Well, I "may" have a solution to my problem and still maintain the 1024x1024 texture to output to. Guess I should let you all know the purpose for this whole thing so people will understand what I'm trying to do, get insight and possible solutions to improving it.
Mode 7.
I'm testing ways to improve Mode 7 with blargSNES under hardware rendering. Currently with the WIP version I pushed to gitHub long ago, the Mode 7 process was handled much the same way tile scanning was done for all other backgrounds, but could result in being CPU-heavy depending on the scale, rotation, and mid-frame changes (for perspective Mode 7) of the layer, to the point where it would be better to run under software for various scenarios.

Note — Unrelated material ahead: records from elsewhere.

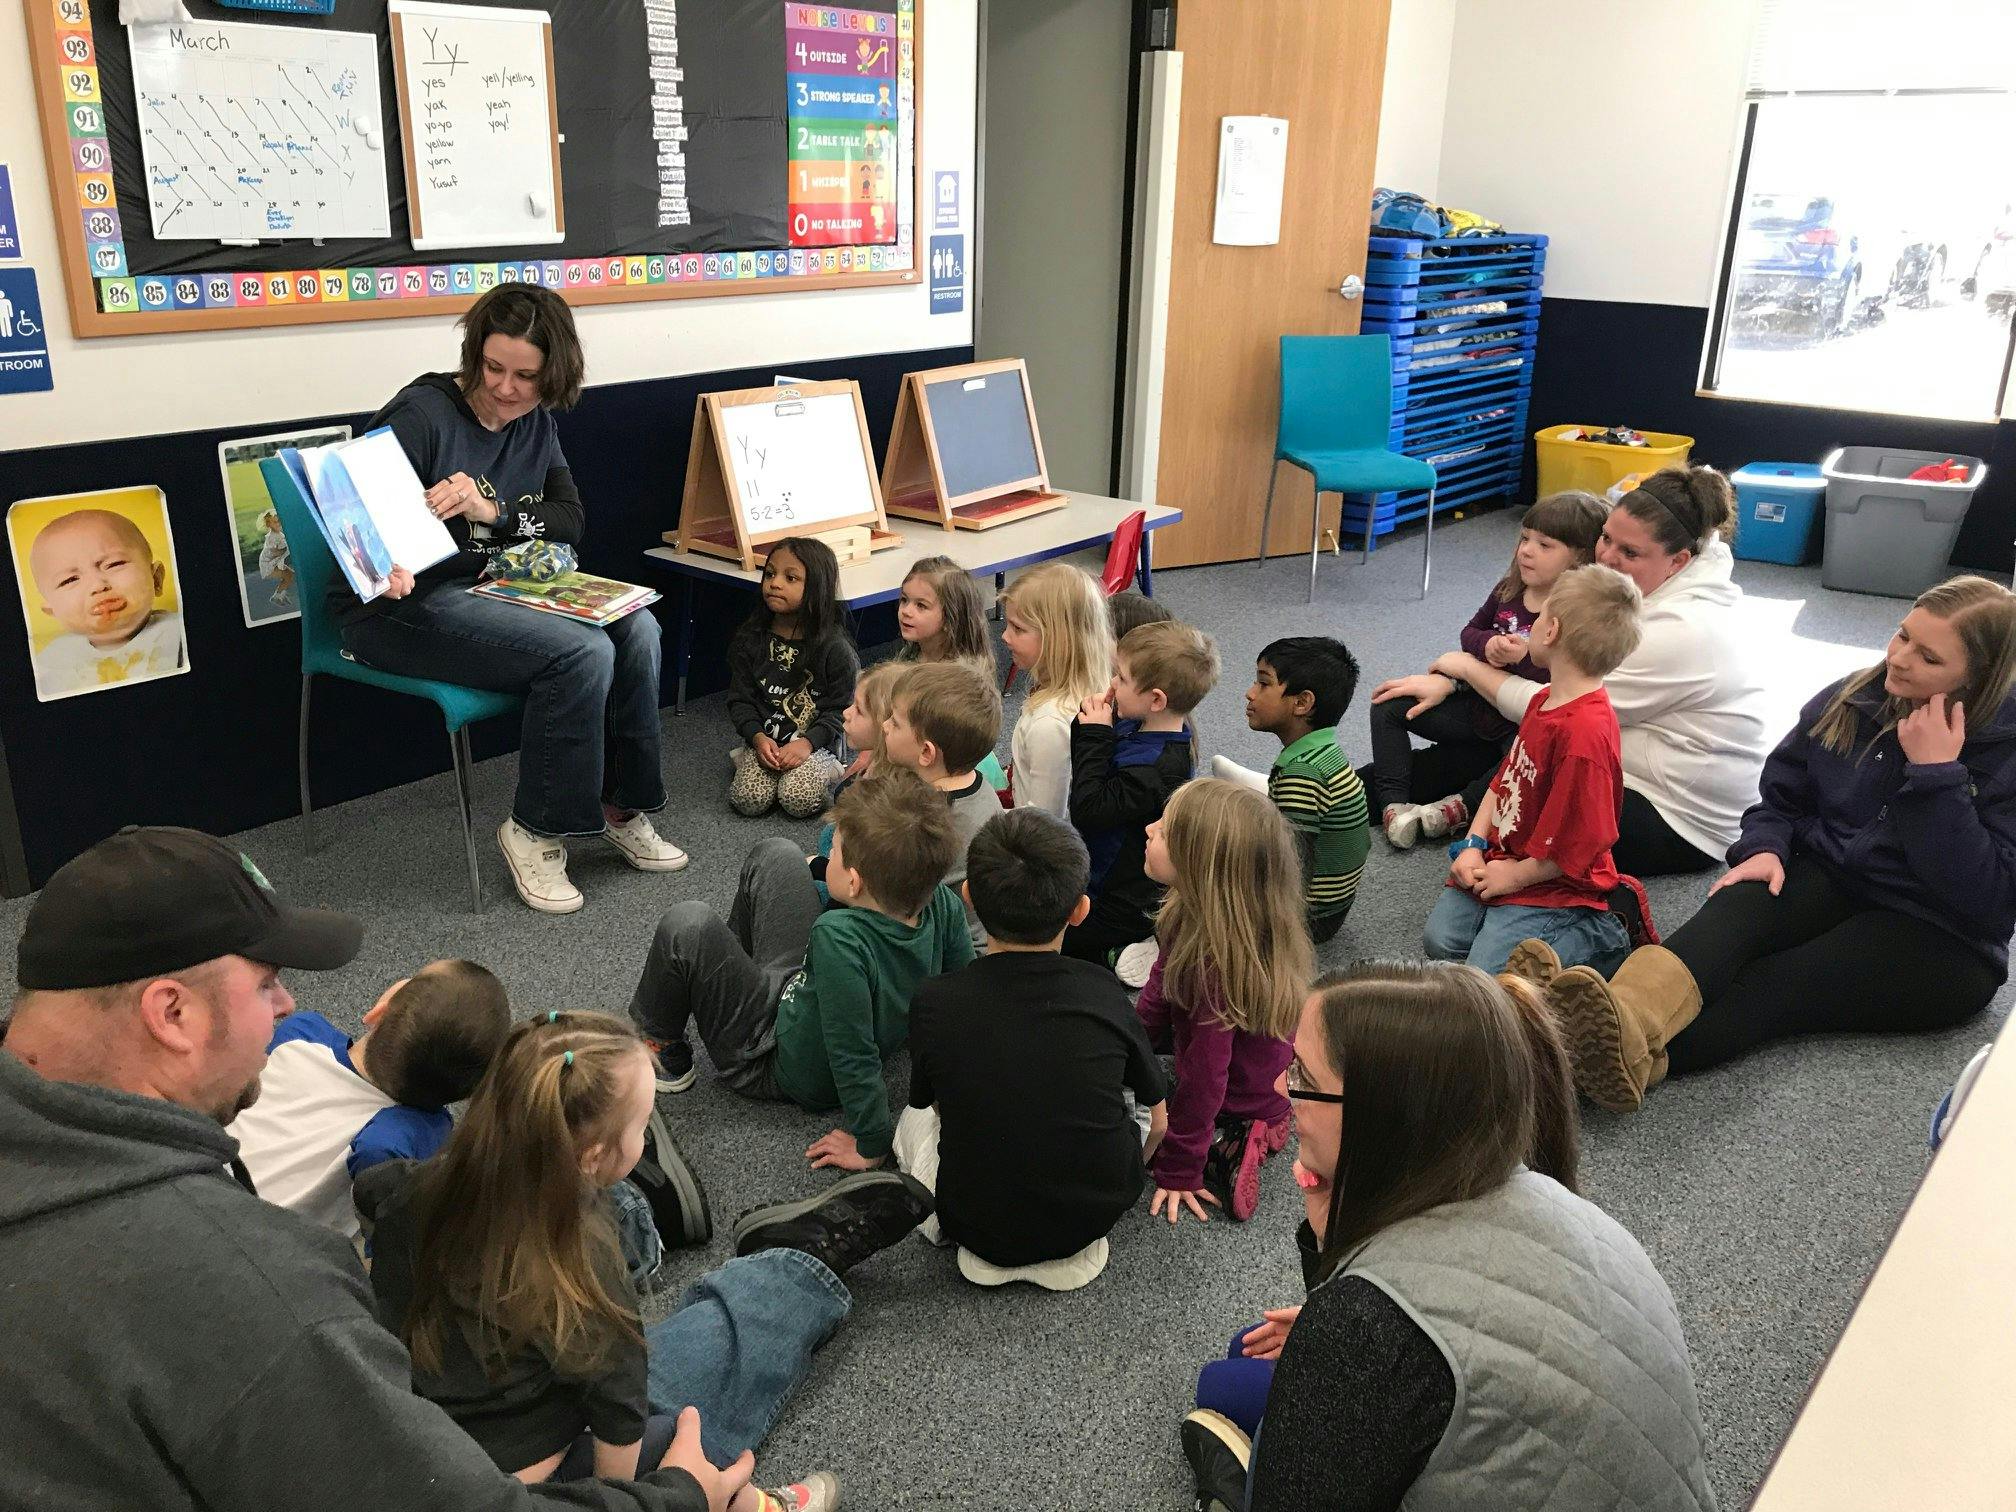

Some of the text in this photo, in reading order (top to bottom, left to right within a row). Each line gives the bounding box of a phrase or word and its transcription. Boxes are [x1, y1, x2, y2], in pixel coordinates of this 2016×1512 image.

[61, 0, 82, 20] 94
[169, 28, 230, 51] March
[66, 40, 88, 59] 93
[795, 42, 847, 66] 4 OUTSIDE
[70, 74, 92, 92] 92
[422, 78, 446, 97] yes
[199, 95, 205, 103] 5
[796, 82, 876, 106] 3 STRONG SPEAKER
[424, 99, 511, 118] yak yeah
[77, 110, 96, 128] 91
[335, 109, 350, 129] W
[424, 120, 453, 134] yo-yo
[231, 131, 239, 139] 13
[259, 133, 266, 141] 14
[797, 127, 860, 150] 2 TABLE TALK
[341, 144, 352, 162] X
[426, 138, 454, 154] yellow
[82, 146, 103, 165] 90
[428, 157, 451, 170] yarn
[149, 165, 158, 173] 17
[153, 173, 180, 187] August
[343, 171, 355, 190] Y
[429, 175, 459, 189] Yusuf
[800, 170, 808, 192] 1
[87, 182, 107, 201] 89
[267, 201, 277, 209] 28
[91, 217, 112, 234] 88
[794, 213, 863, 237] 0 NO TALKING
[97, 251, 116, 268] 87
[109, 286, 130, 304] 86
[145, 285, 165, 302] 85
[178, 283, 199, 300] 84
[211, 282, 230, 299] 83
[242, 280, 260, 297] 82
[272, 278, 289, 296] 81
[299, 278, 316, 295] 80
[326, 277, 343, 294] 79
[354, 276, 370, 292] 78
[380, 275, 396, 291] 77
[406, 273, 421, 290] 76
[432, 273, 446, 289] 75
[457, 270, 471, 286] 74
[480, 270, 493, 286] 73
[504, 269, 517, 282] 72
[524, 268, 537, 283] 71
[547, 267, 560, 282] 70
[568, 267, 581, 281] 69
[588, 266, 601, 280] 68
[610, 263, 622, 277] 67
[630, 264, 643, 278] 66
[650, 262, 662, 276] 65
[668, 261, 680, 275] 64
[686, 261, 698, 275] 63
[705, 259, 717, 273] 62
[723, 260, 734, 274] 61
[741, 259, 752, 273] 60
[758, 257, 769, 271] 59
[775, 256, 786, 270] 58
[809, 254, 820, 269] 56
[825, 254, 835, 268] 55
[841, 252, 851, 266] 54
[933, 290, 962, 300] RESTROOM

So, my idea was to simply render the entire Mode 7 layer to its own texture (which is a static 1024x1024 pixel area), and then use that texture and simply plot that down. That would make the process more static than dynamic, and would take into account scenarios where even if the layer is zoomed out so much that it's wrapping, the use of a texture would allow that. Of course though, I mentioned earlier how rendering to that size of a texture is slow. The latest solution that I thought up the other night would just use the current method that's required to render to a 1024x1024 texture in the first place. Render smaller sections, but in this case, don't render all sections in the particular frame. Perhaps just half or a quarter, depending on if that section needs to be updated. The section that don't get updates will just show what's been retained from their last update, not reliant on color, VRAM, and layer changes. I'd imagine that most people would not notice it except for when the Mode 7 is initially used, as it would likely be blank, but that's based on the situation. Thinking that changes to the color palette would flag all 4 sections to need updating (but not all updated in the same frame), changes to tile cels will flag only those sections that specific tile cel is used in, and then changes to individual tiles on the layer will only flag the one section that change was made in.
So that's where I am right now. I would, however, request anything that would help with the actual rendering process to the large texture, like whatever sort of settings for the GPU would grant the fastest processing, as I'm simply rendering a pre-made list (that has polygon coordinates already set, like <0,0>, <8,0>, <24,16>, etc) that only changes with where the "tiles" are taken from the source texture (that has 256 8x8 pixel tiles). Figured no culling, no depth processing, etc would help, but I may be missing some other things.